● **Information shown**
⟨

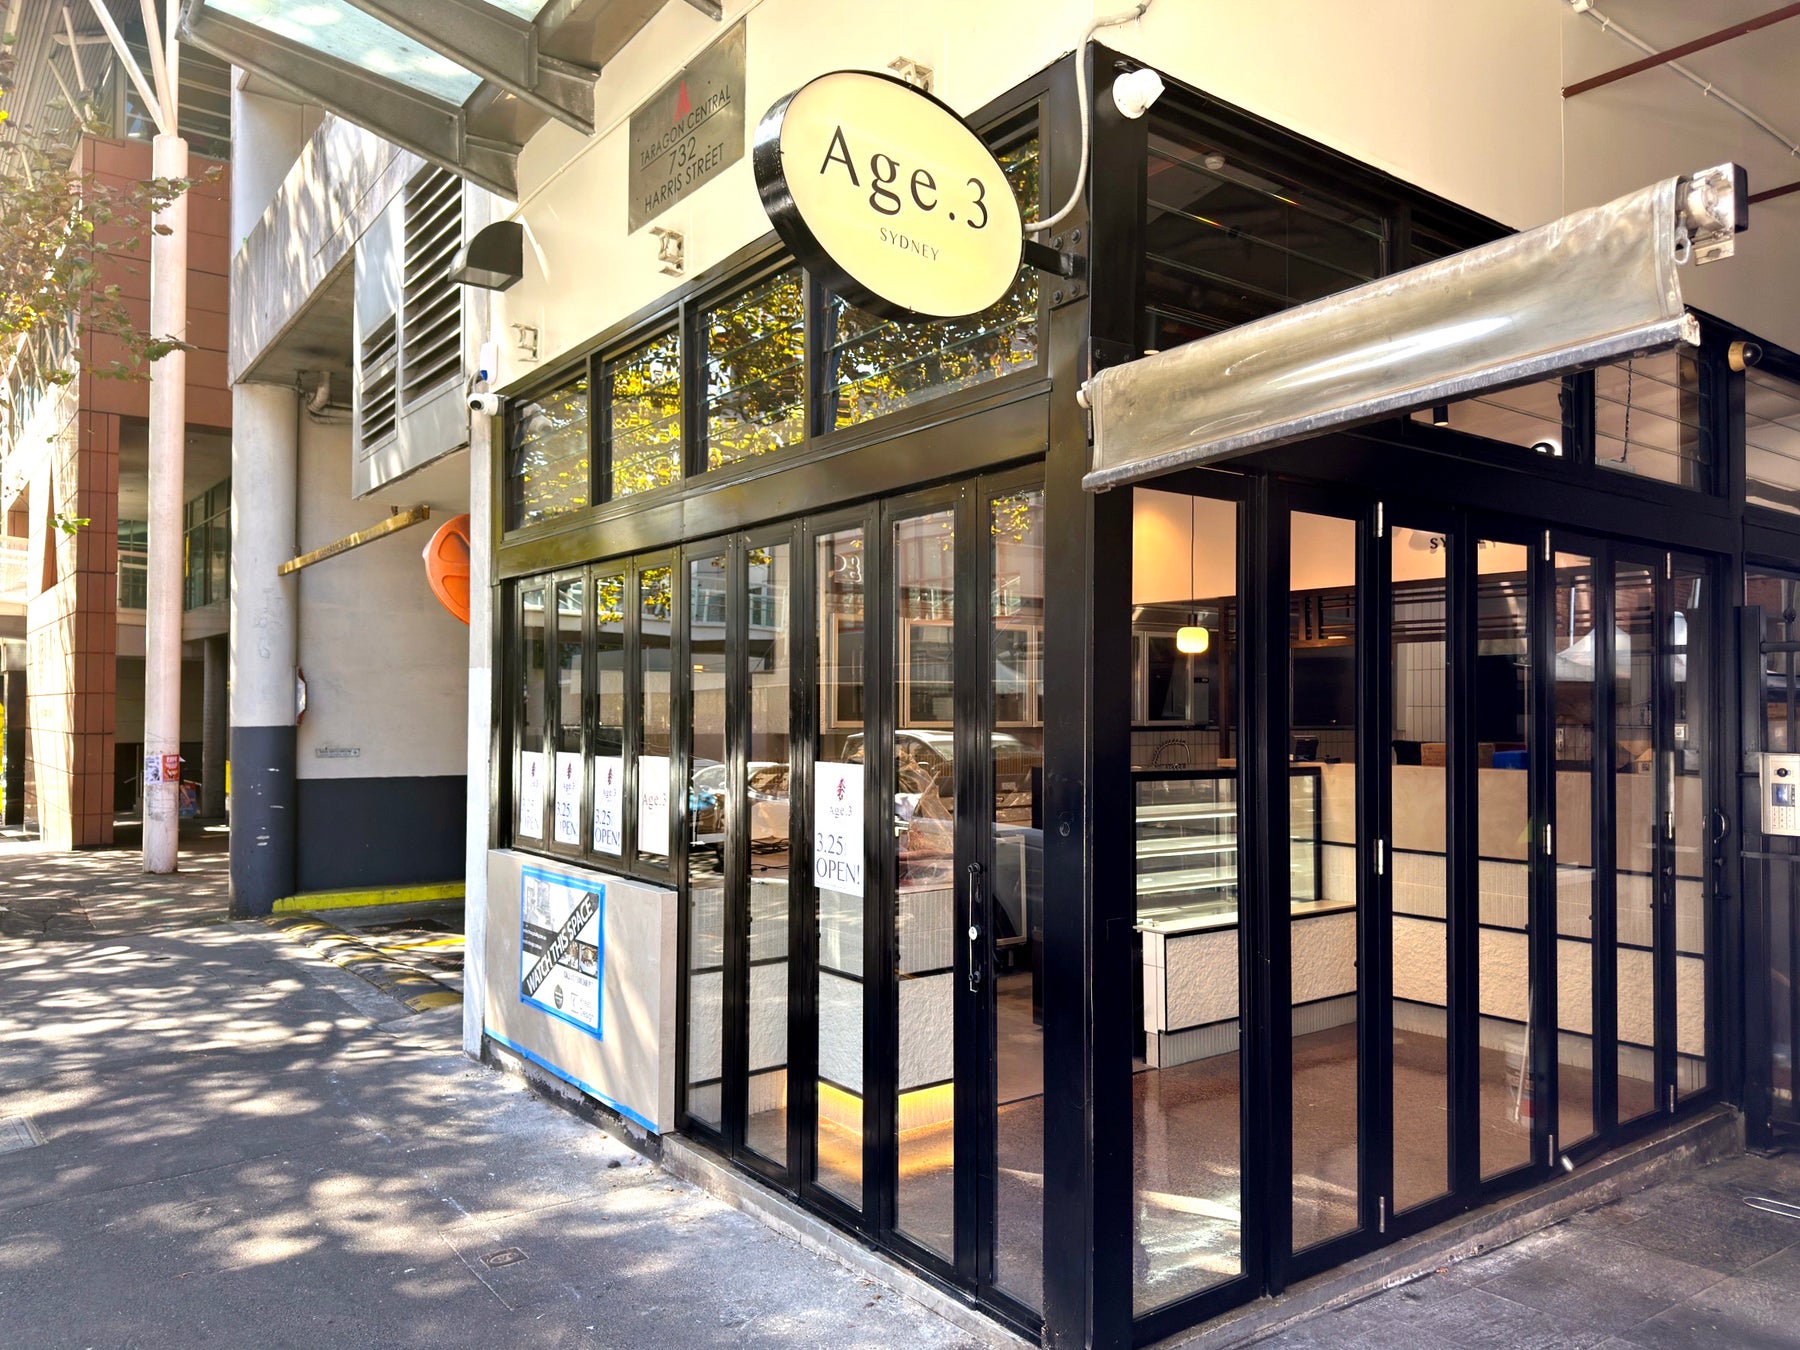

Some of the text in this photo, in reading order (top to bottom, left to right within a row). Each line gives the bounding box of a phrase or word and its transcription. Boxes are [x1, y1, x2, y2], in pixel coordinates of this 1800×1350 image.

[640, 85, 731, 166] TARAGON CENTRAL
[669, 136, 696, 175] 732
[645, 142, 724, 213] HARRIS STREET
[819, 125, 988, 229] Age.3
[879, 227, 939, 261] SYDNEY
[595, 827, 620, 847] OPEN!
[816, 832, 844, 856] 3.25
[816, 857, 861, 885] OPEN!
[526, 950, 554, 995] WATCH
[549, 928, 569, 960] THIS
[567, 895, 594, 941] SPACE
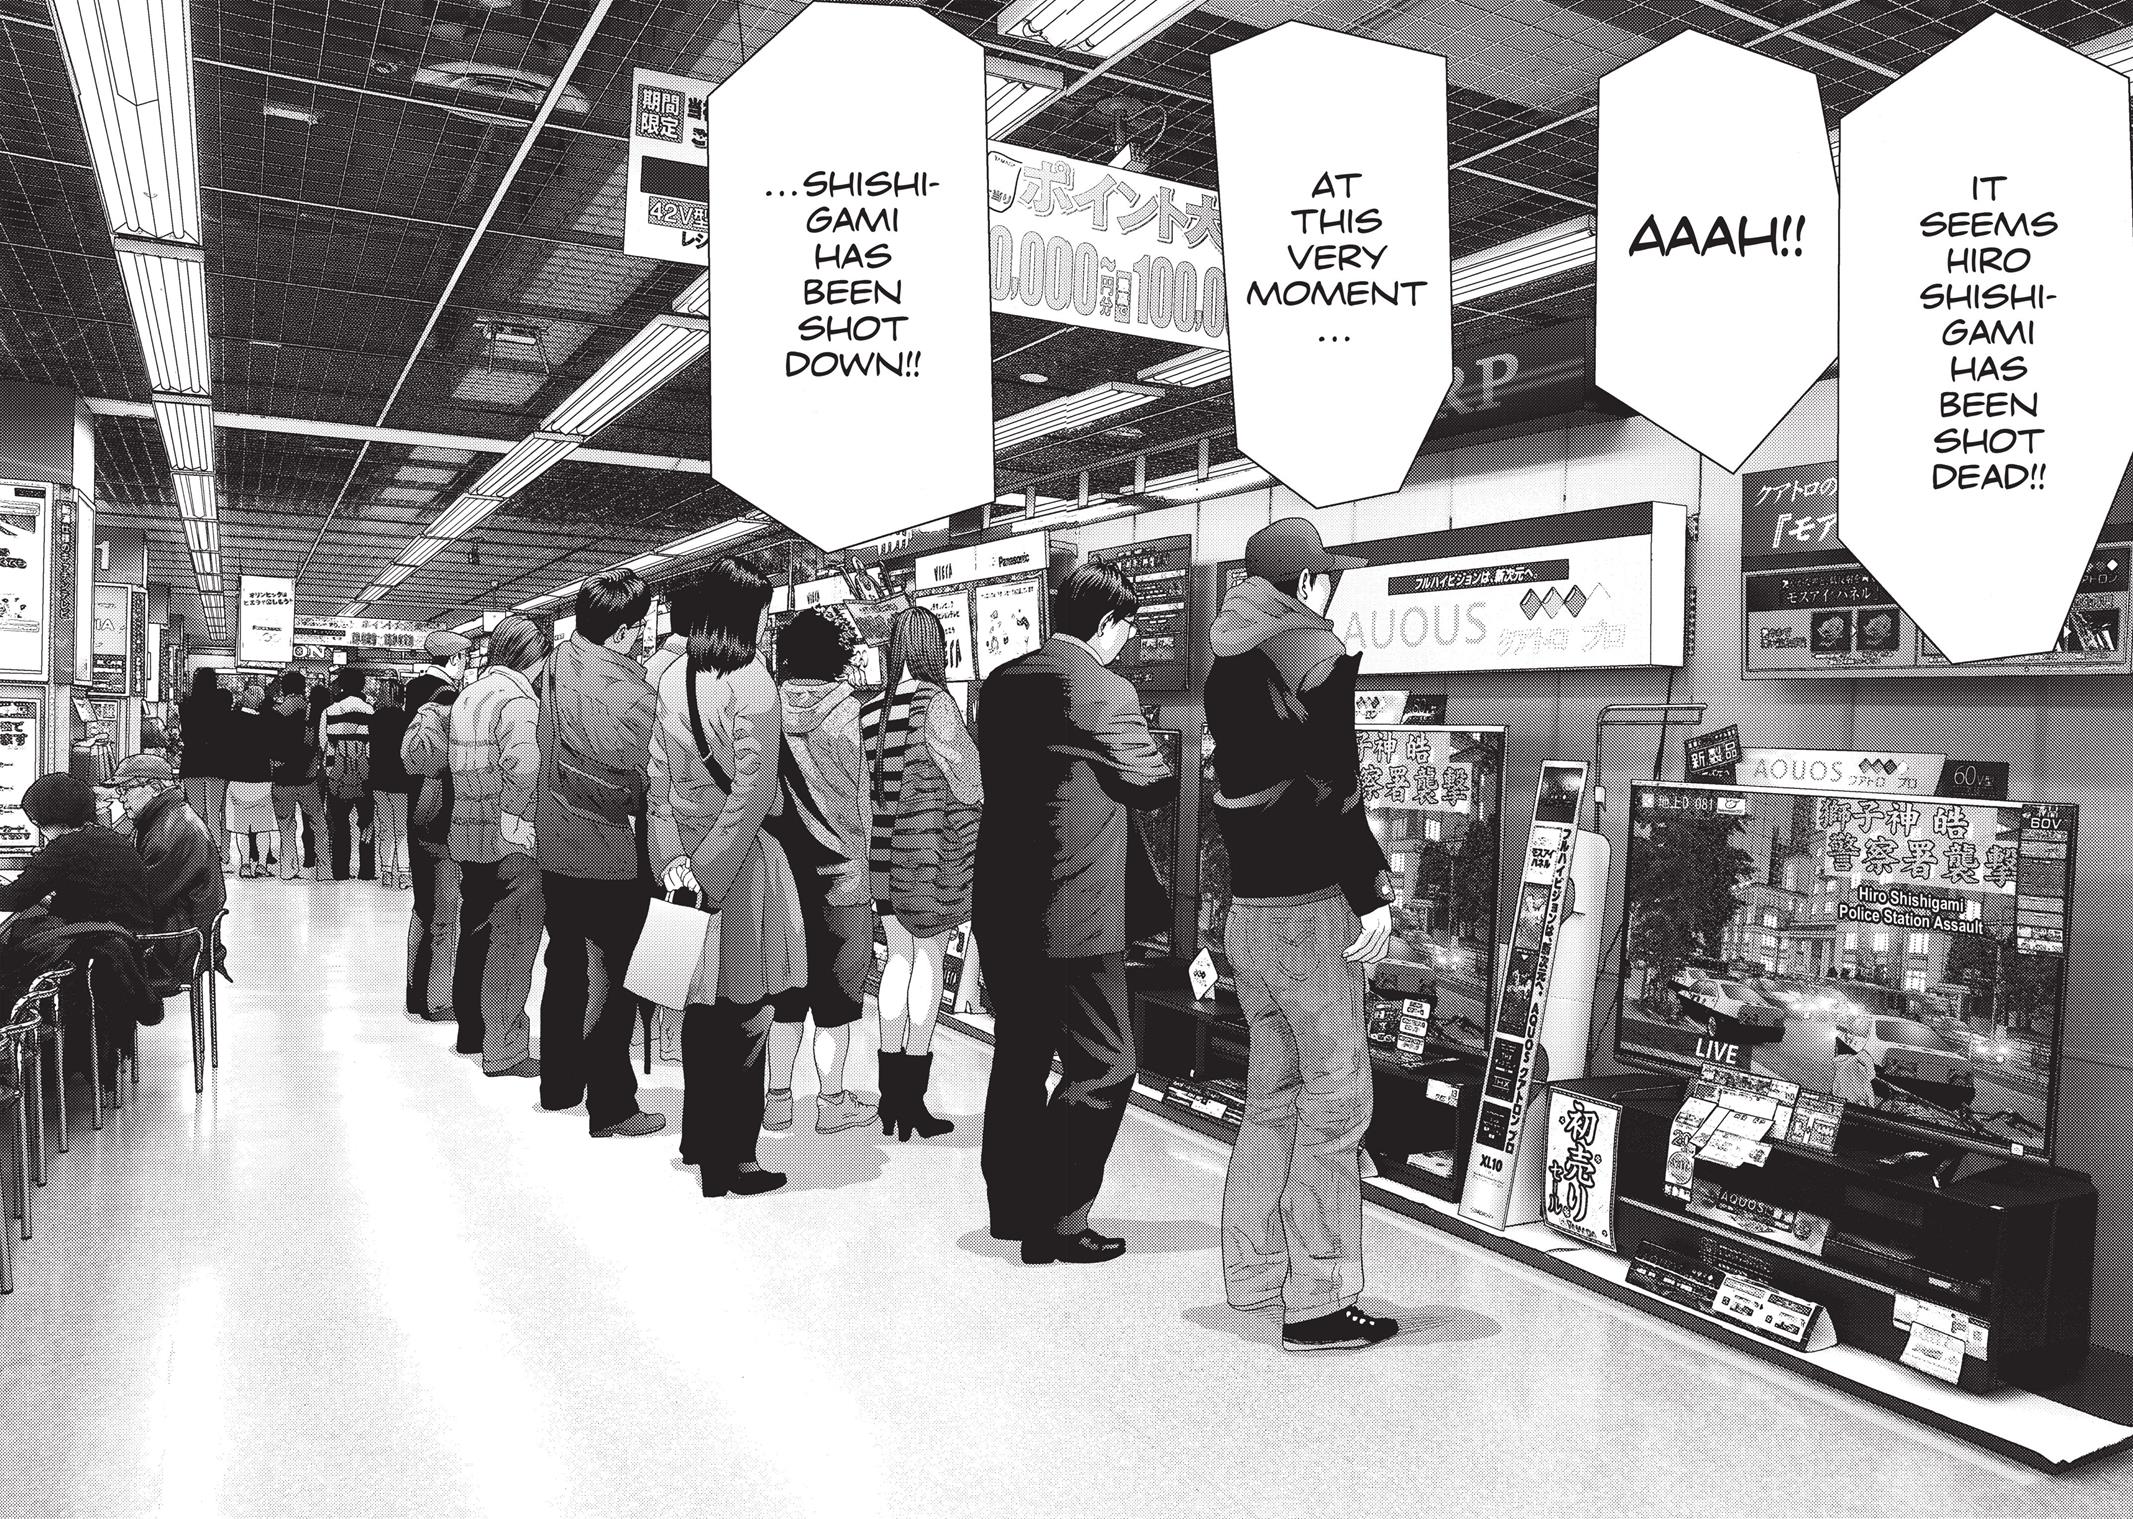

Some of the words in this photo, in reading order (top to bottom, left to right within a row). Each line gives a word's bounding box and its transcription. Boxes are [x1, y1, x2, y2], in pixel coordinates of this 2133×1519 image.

⟩

● **Work order**
Set down the complete material exactly, but do not include the images.

● **Result for this exercise**
Some of the text in this photo, in reading order (top to bottom, left to right within a row). Each line gives the bounding box of a phrase or word and its transcription. Boxes are [x1, y1, x2, y2], in pixel coordinates of this 1800×1350 image.

[640, 85, 731, 166] TARAGON CENTRAL
[669, 136, 696, 175] 732
[645, 142, 724, 213] HARRIS STREET
[819, 125, 988, 229] Age.3
[879, 227, 939, 261] SYDNEY
[595, 827, 620, 847] OPEN!
[816, 832, 844, 856] 3.25
[816, 857, 861, 885] OPEN!
[526, 950, 554, 995] WATCH
[549, 928, 569, 960] THIS
[567, 895, 594, 941] SPACE

Some of the words in this photo, in reading order (top to bottom, left to right within a row). Each line gives a word's bounding box and its transcription. Boxes are [x1, y1, x2, y2], in pixel coordinates of this 2133×1519 image.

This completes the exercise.